> [Supplied data]:
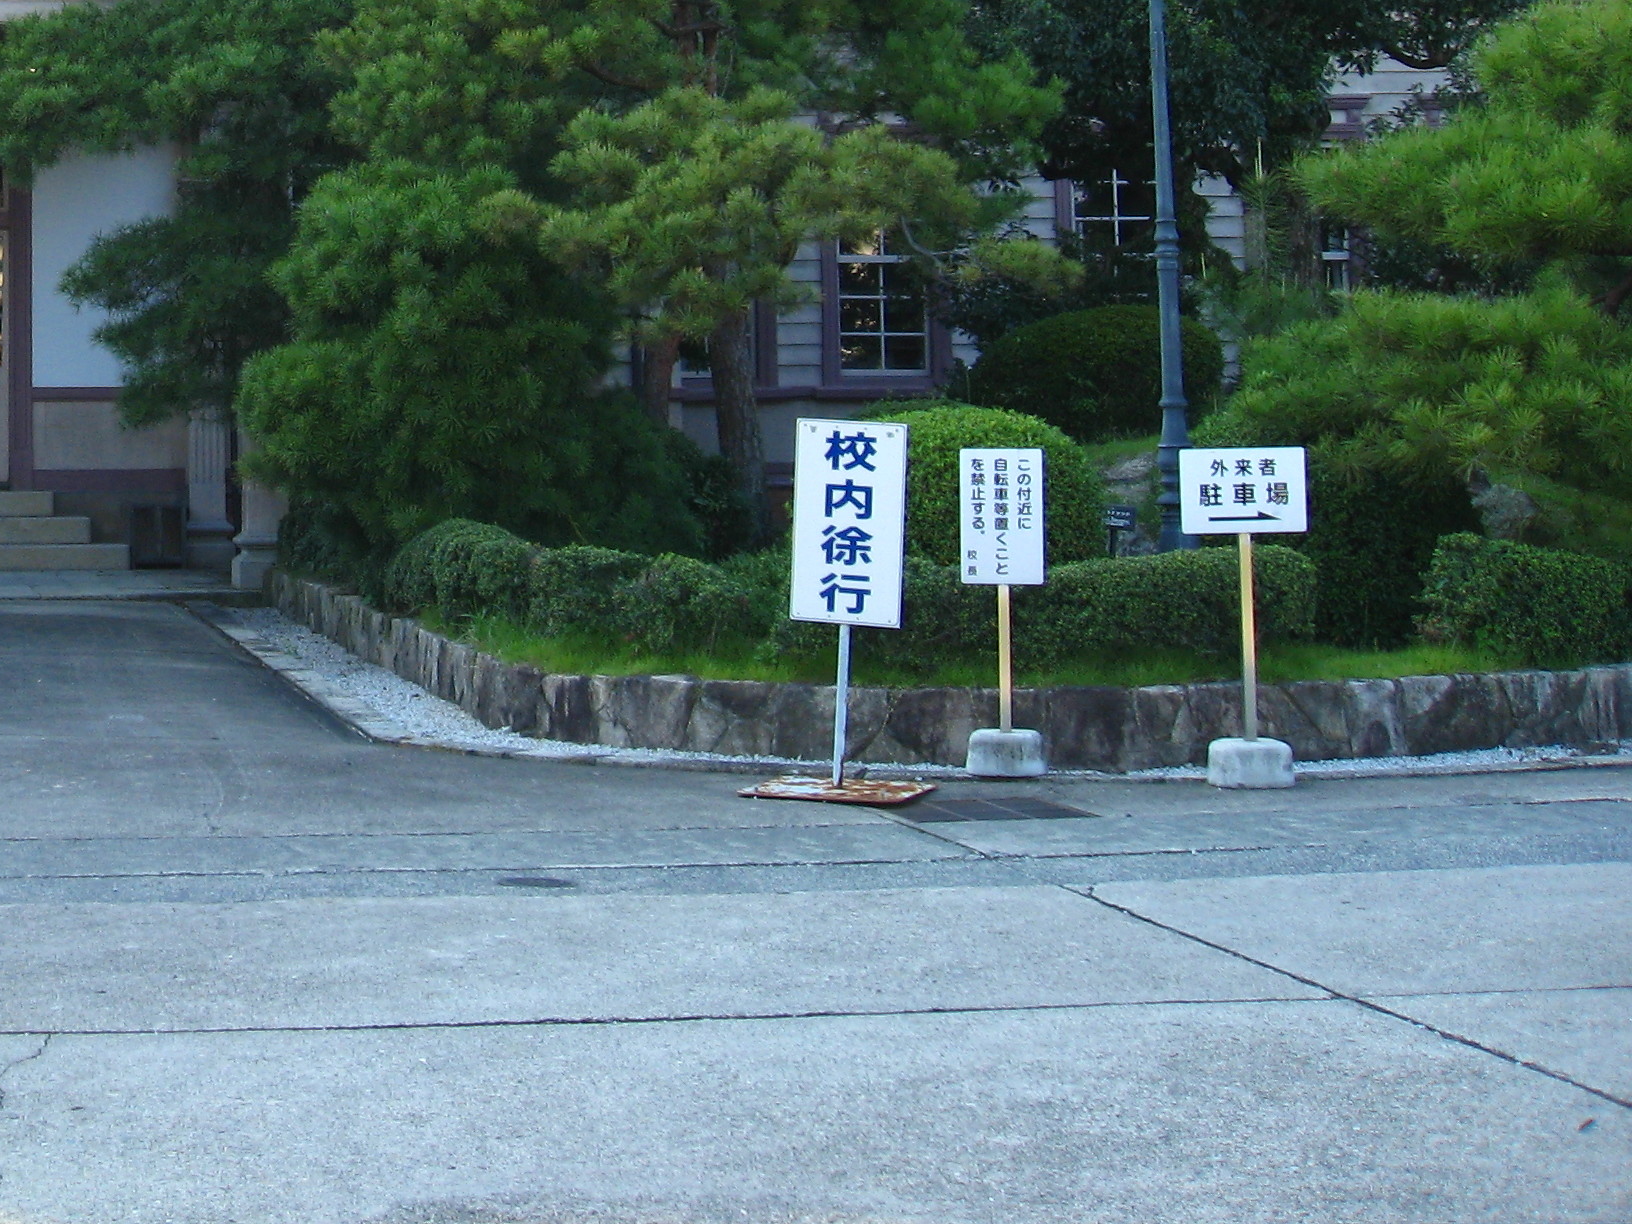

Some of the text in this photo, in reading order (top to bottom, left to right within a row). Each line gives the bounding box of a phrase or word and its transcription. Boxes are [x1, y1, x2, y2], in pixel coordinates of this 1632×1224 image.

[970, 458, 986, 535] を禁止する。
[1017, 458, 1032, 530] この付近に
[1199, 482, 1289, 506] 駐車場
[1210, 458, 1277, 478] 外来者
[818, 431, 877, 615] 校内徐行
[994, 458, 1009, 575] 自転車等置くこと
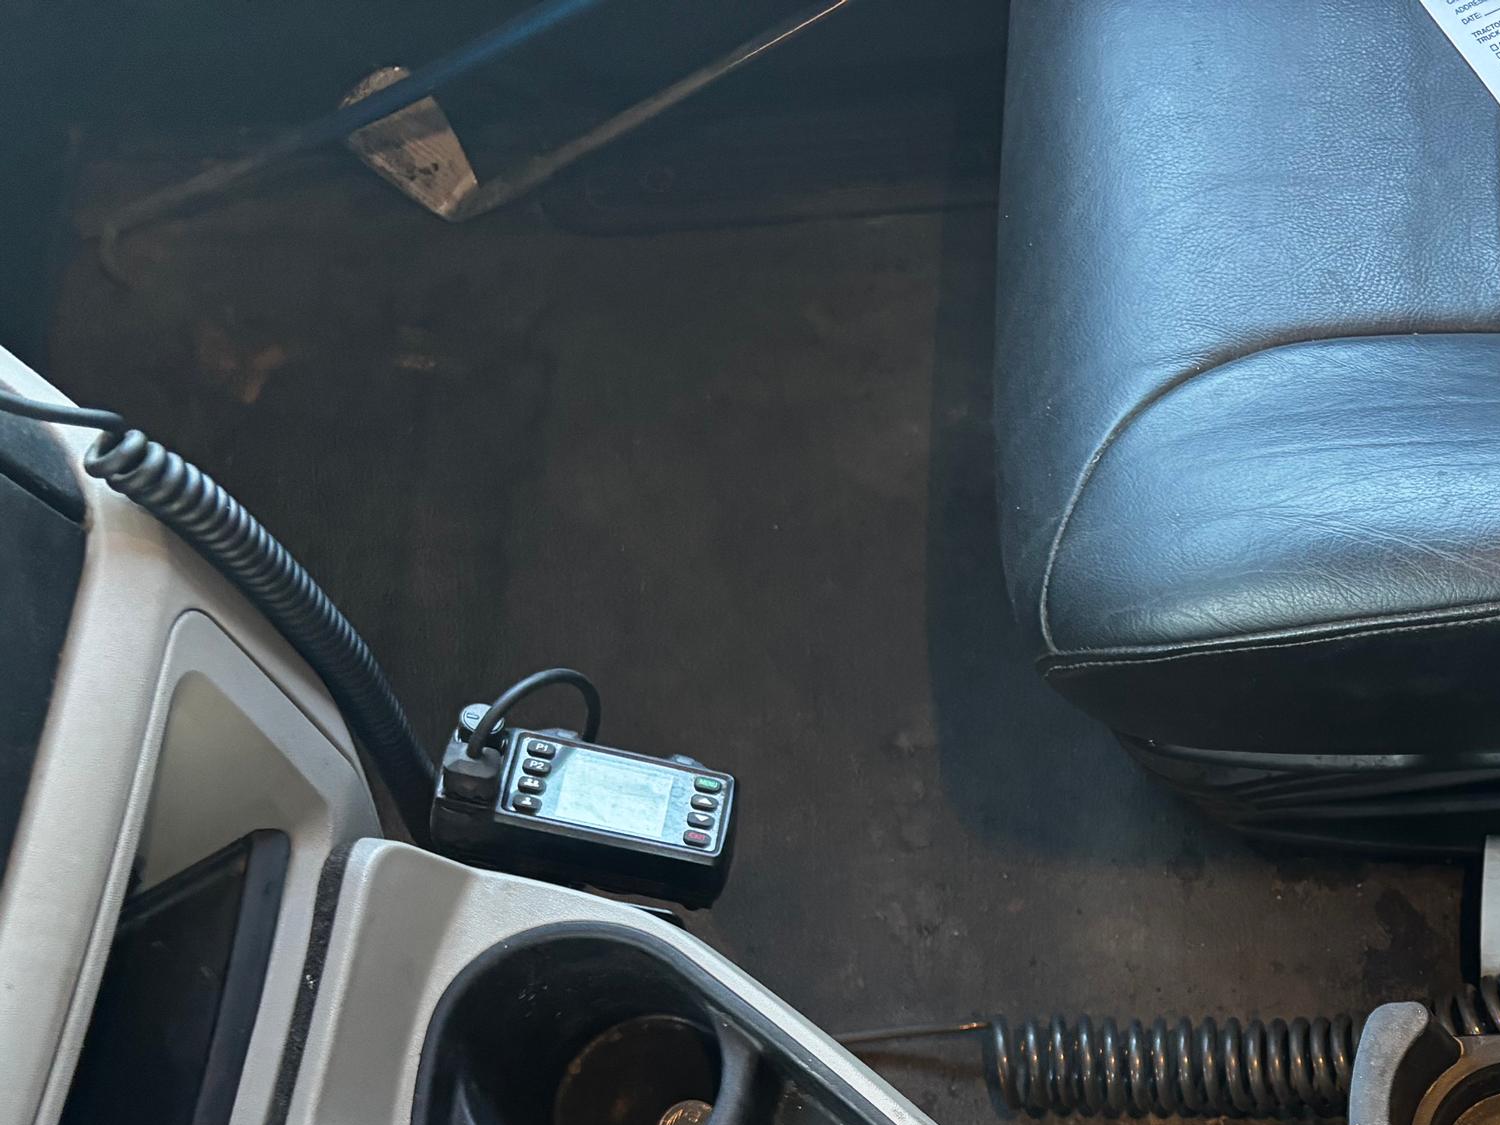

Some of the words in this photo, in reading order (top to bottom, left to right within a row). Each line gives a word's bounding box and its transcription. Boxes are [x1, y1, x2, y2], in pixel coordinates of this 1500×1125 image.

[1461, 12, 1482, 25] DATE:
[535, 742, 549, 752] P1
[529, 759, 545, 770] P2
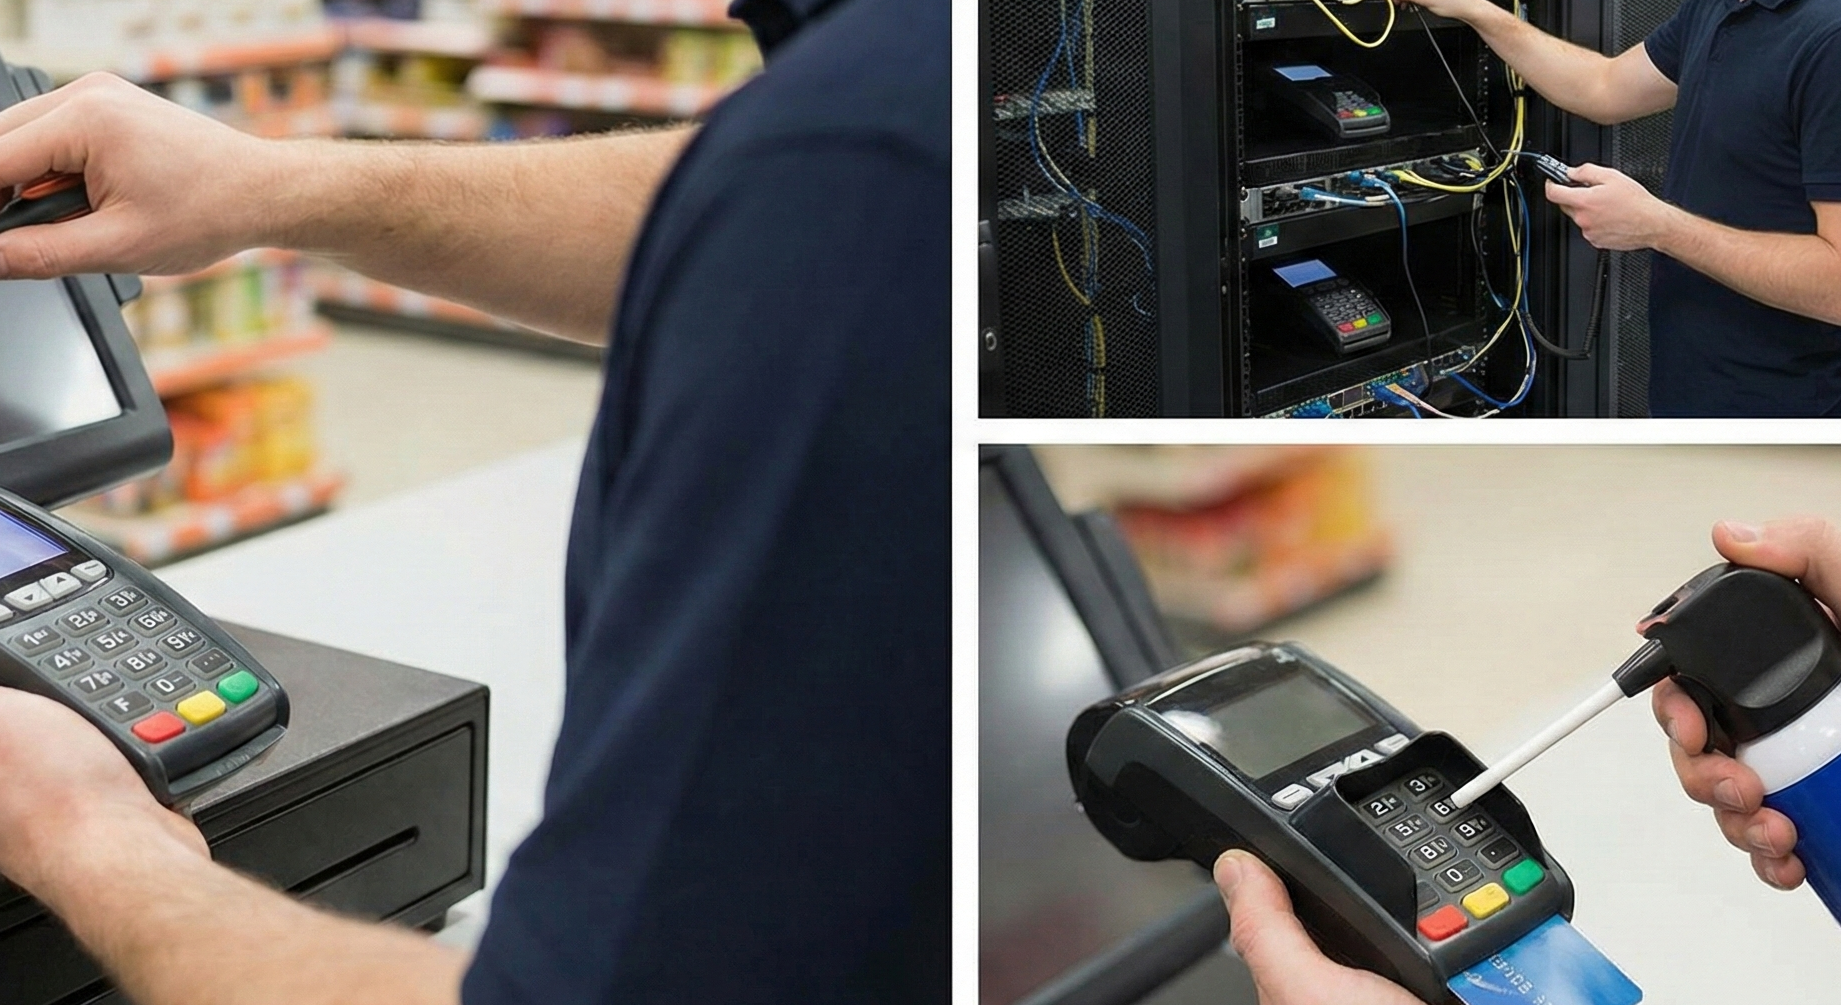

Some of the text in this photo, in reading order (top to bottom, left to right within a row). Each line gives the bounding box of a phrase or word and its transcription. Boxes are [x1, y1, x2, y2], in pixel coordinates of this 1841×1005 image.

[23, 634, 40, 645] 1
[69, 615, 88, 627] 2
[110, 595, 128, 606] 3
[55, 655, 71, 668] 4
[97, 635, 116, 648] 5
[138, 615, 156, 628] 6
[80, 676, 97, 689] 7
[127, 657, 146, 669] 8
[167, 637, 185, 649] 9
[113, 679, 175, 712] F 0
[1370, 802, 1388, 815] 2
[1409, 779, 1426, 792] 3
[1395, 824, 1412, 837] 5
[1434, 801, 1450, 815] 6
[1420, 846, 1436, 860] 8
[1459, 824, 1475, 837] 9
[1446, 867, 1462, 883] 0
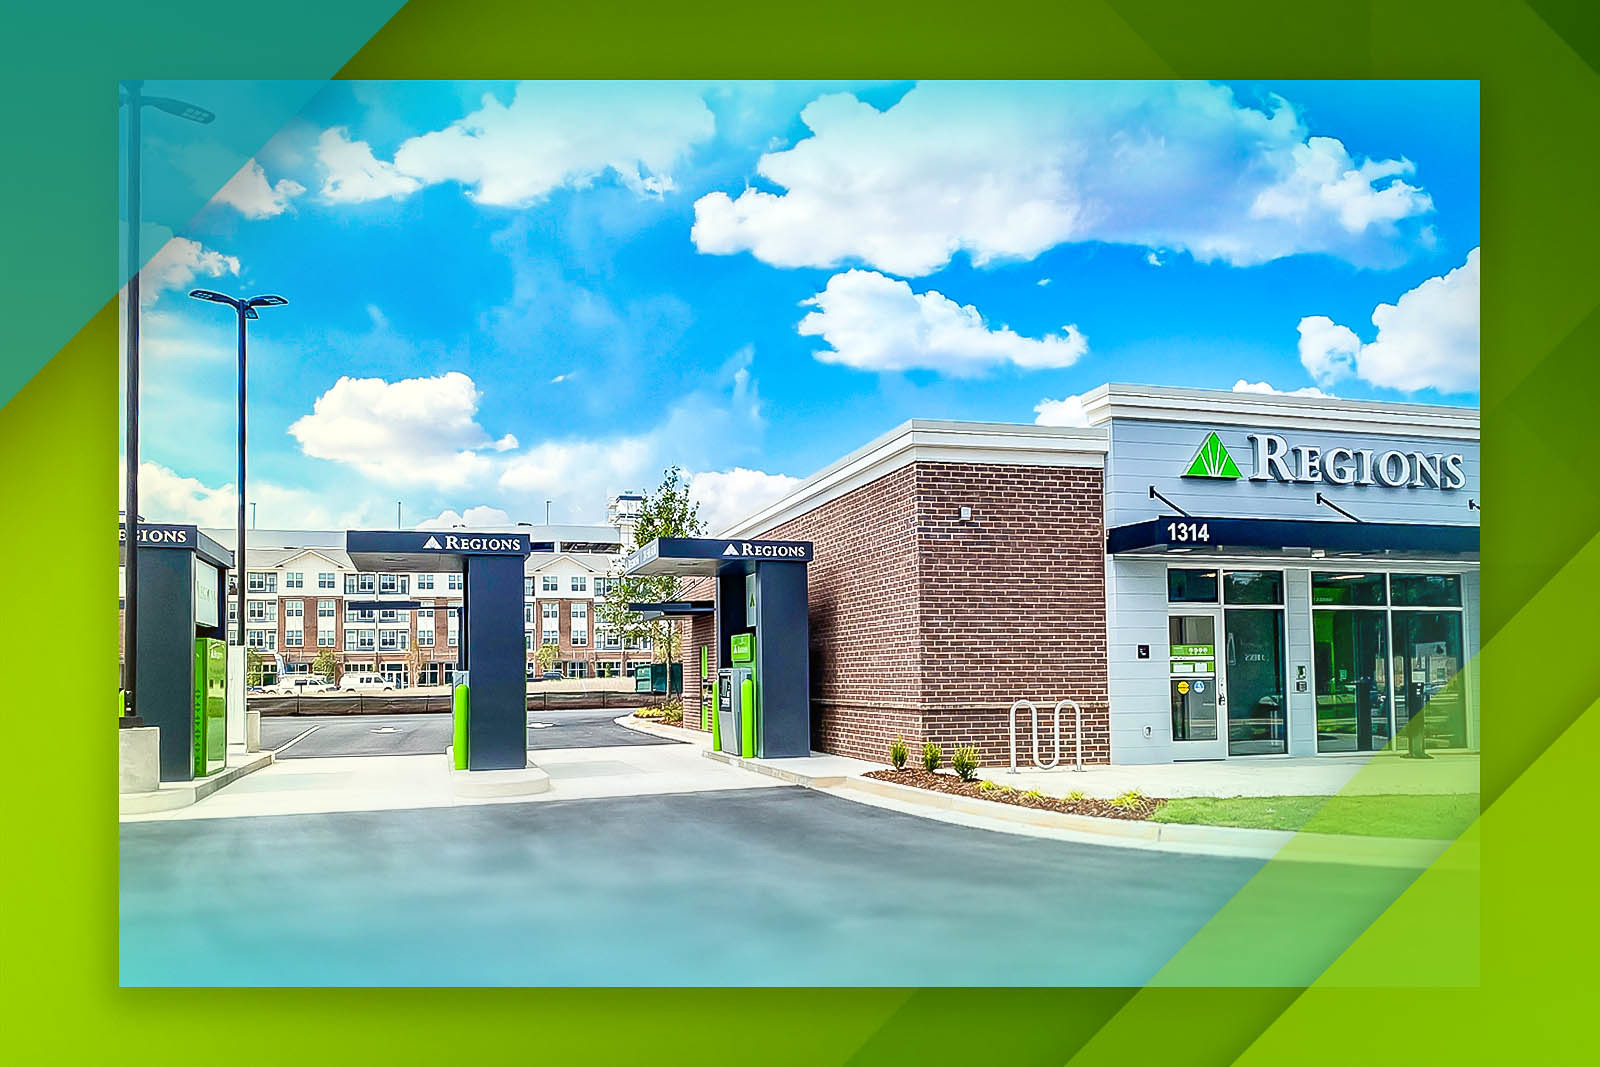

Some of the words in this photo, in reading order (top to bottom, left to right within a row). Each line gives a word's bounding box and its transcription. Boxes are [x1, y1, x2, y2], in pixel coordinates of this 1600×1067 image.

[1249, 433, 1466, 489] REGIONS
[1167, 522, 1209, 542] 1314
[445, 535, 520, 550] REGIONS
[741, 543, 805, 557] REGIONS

> [The task]:
Return, exactly and without additions, the lines that run from the one containing "this 1600×1067 image." to the end of the material above.

> [Answer for the task]:
Some of the words in this photo, in reading order (top to bottom, left to right within a row). Each line gives a word's bounding box and its transcription. Boxes are [x1, y1, x2, y2], in pixel coordinates of this 1600×1067 image.

[1249, 433, 1466, 489] REGIONS
[1167, 522, 1209, 542] 1314
[445, 535, 520, 550] REGIONS
[741, 543, 805, 557] REGIONS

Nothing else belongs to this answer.